[Records from a dataset]
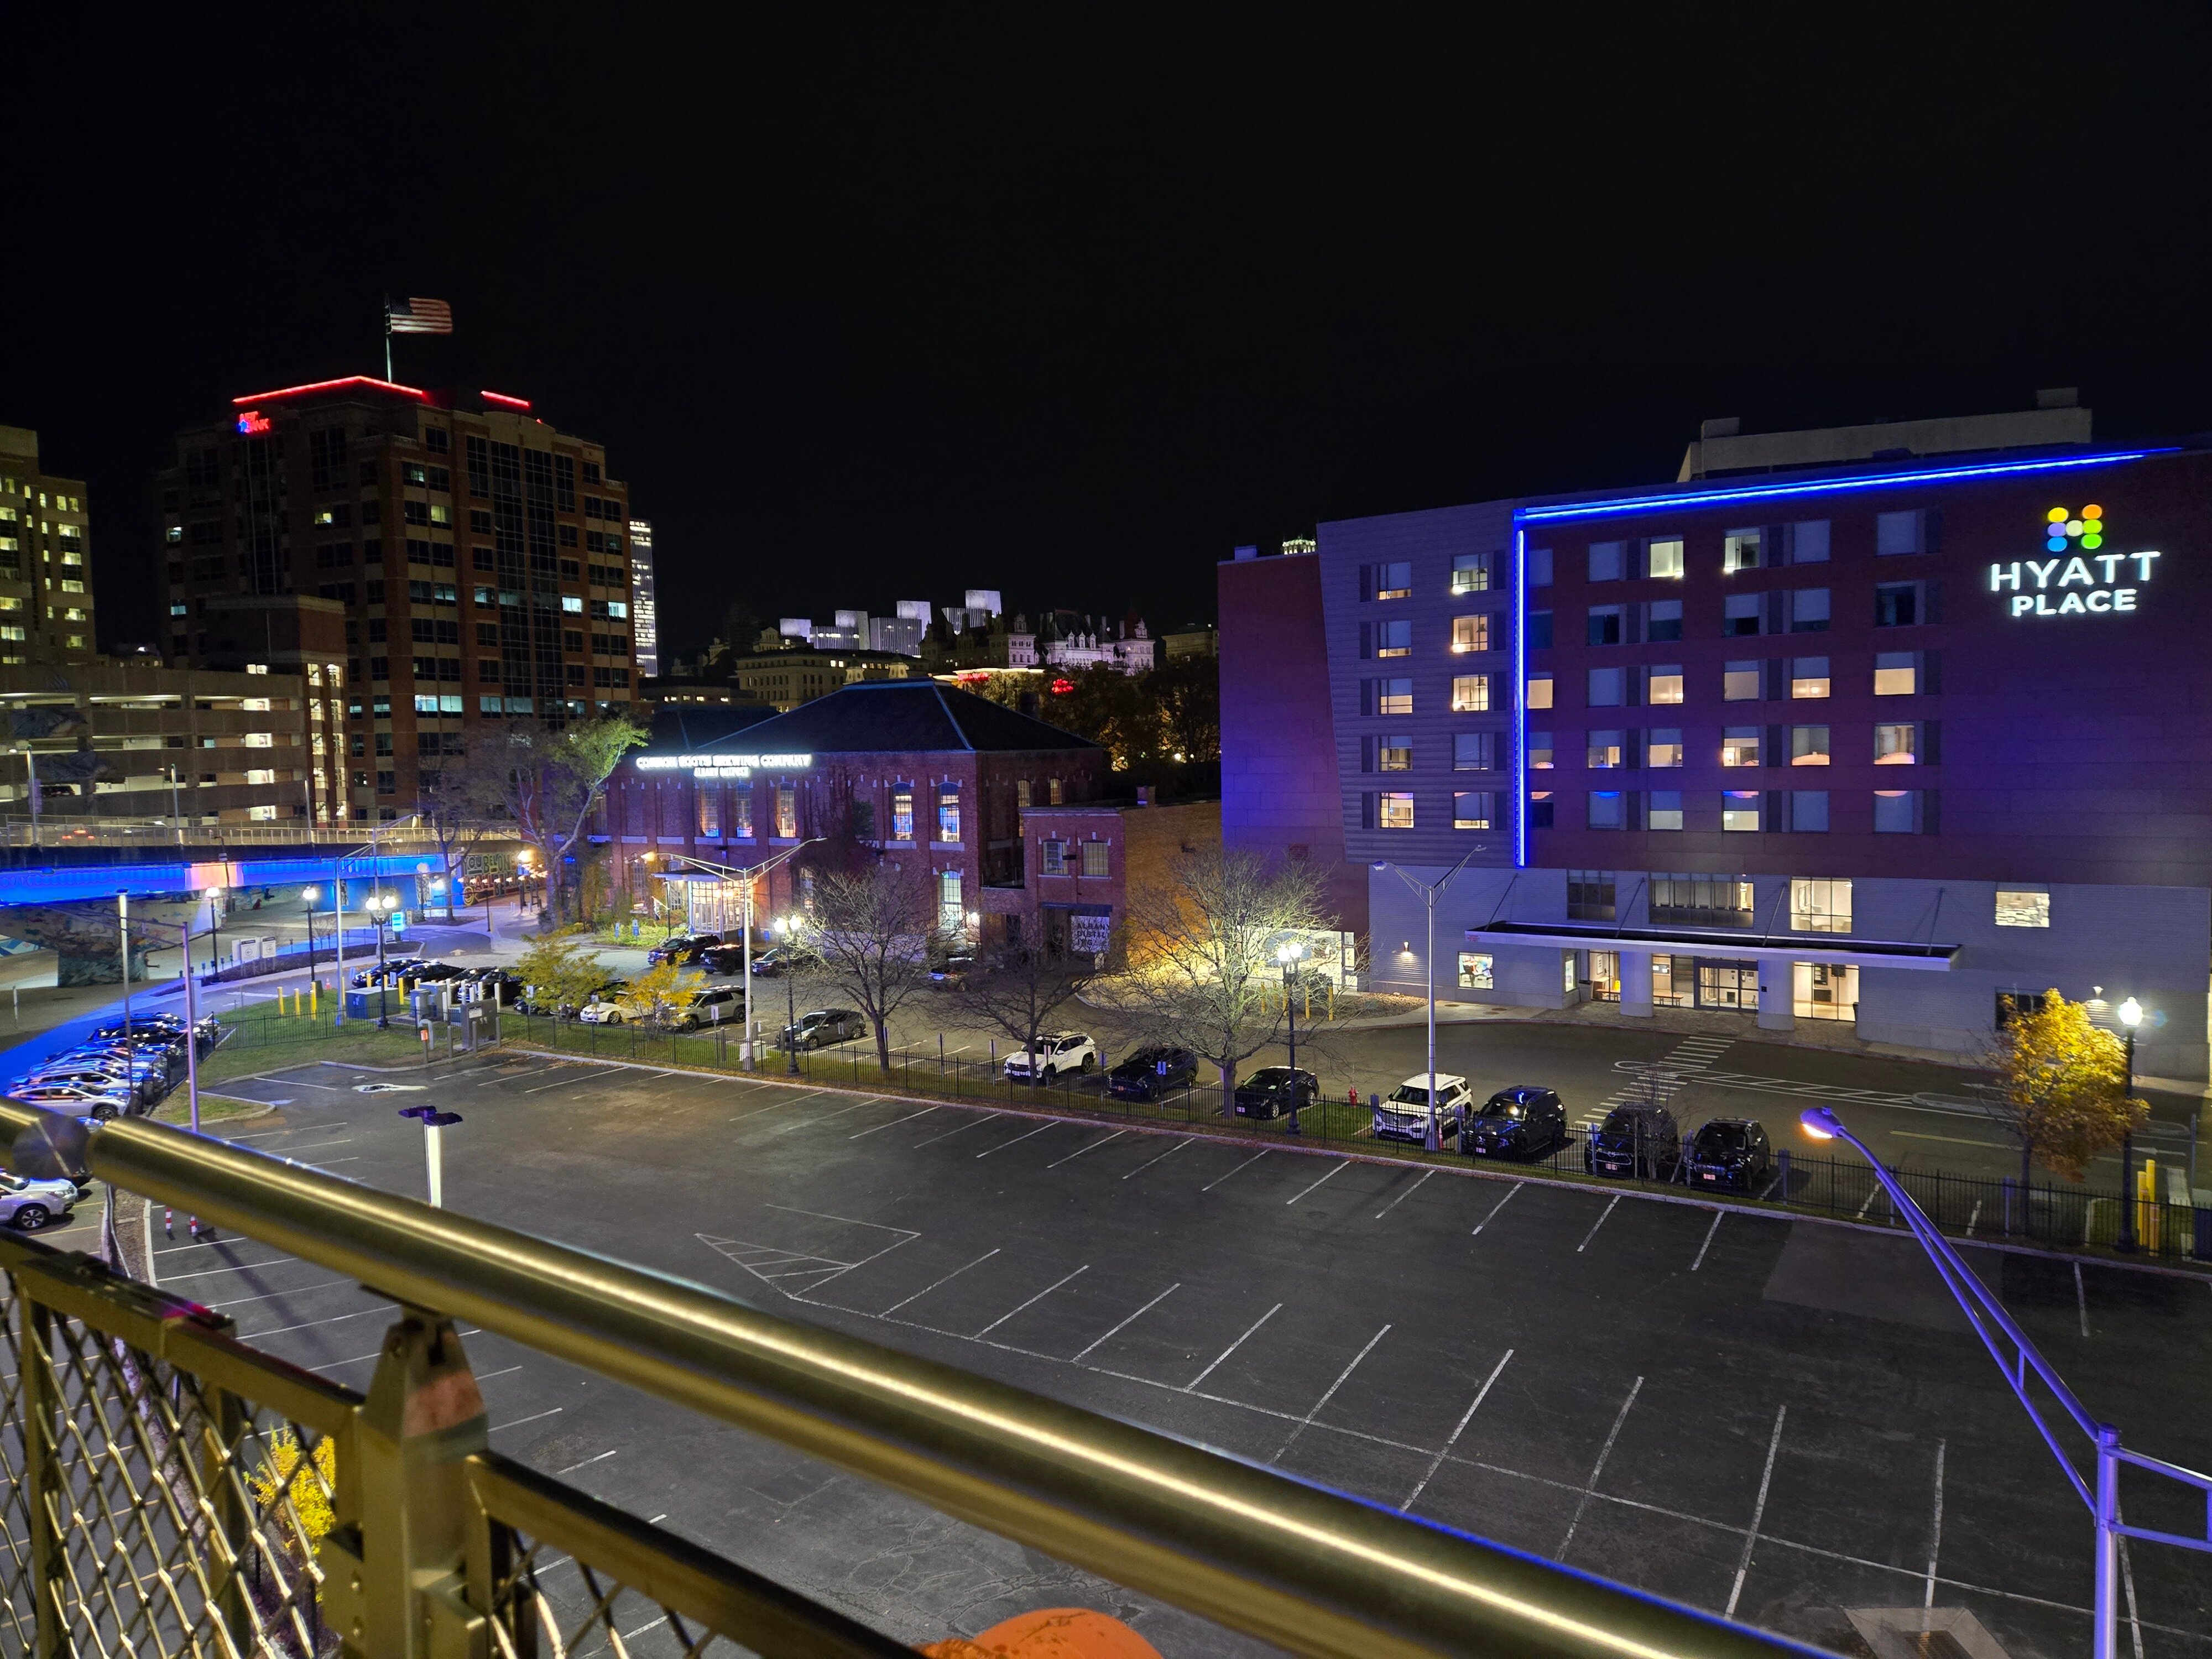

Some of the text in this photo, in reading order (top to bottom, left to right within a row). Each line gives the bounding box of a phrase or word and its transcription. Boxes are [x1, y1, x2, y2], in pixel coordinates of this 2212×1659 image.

[1991, 551, 2161, 591] HYATT
[2011, 588, 2137, 617] PLACE
[636, 754, 811, 769] COMMON ROOTS BREWING COMPANY
[463, 855, 482, 874] YOU

### Task instructions
Retype all the data exactly, please, without pictures.

### Answer
Some of the text in this photo, in reading order (top to bottom, left to right within a row). Each line gives the bounding box of a phrase or word and its transcription. Boxes are [x1, y1, x2, y2], in pixel coordinates of this 2212×1659 image.

[1991, 551, 2161, 591] HYATT
[2011, 588, 2137, 617] PLACE
[636, 754, 811, 769] COMMON ROOTS BREWING COMPANY
[463, 855, 482, 874] YOU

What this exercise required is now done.